• _WORK ITEM_: Skip the pictures and give back the rest of the listing exactly.

(RECORDS)

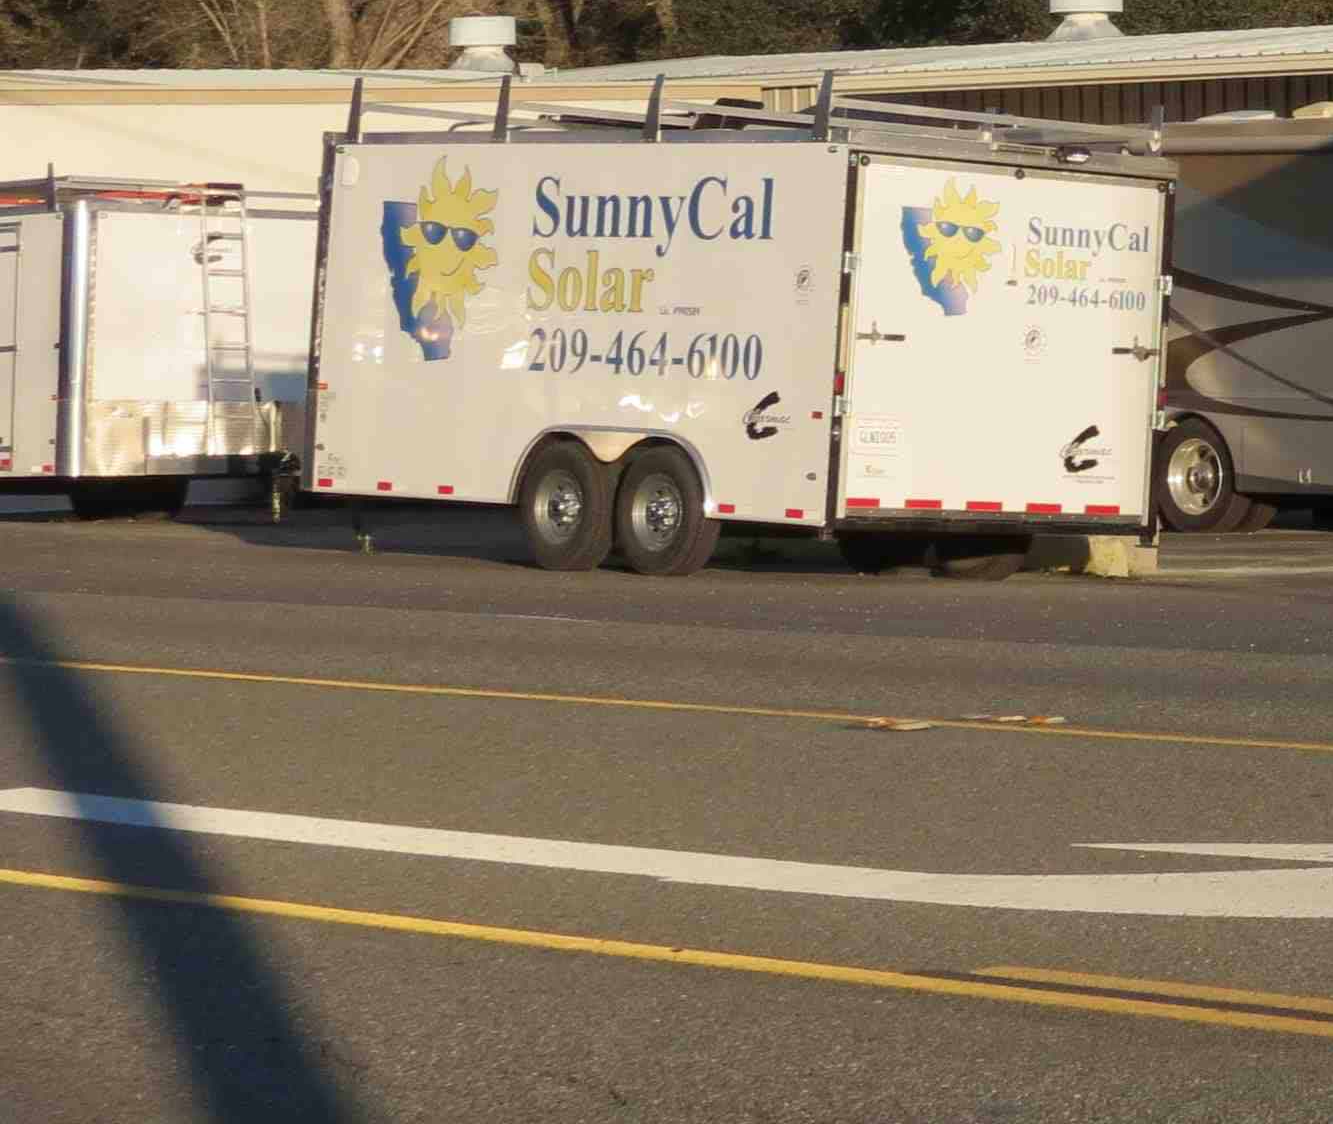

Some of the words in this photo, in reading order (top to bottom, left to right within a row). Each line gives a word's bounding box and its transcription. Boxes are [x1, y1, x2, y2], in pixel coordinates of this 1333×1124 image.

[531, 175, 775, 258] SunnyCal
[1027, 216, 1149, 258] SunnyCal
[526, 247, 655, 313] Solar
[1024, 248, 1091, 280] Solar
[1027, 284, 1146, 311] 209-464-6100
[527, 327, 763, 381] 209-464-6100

(End RECORDS)

• _WRITTEN SOLUTION_:
Some of the words in this photo, in reading order (top to bottom, left to right within a row). Each line gives a word's bounding box and its transcription. Boxes are [x1, y1, x2, y2], in pixel coordinates of this 1333×1124 image.

[531, 175, 775, 258] SunnyCal
[1027, 216, 1149, 258] SunnyCal
[526, 247, 655, 313] Solar
[1024, 248, 1091, 280] Solar
[1027, 284, 1146, 311] 209-464-6100
[527, 327, 763, 381] 209-464-6100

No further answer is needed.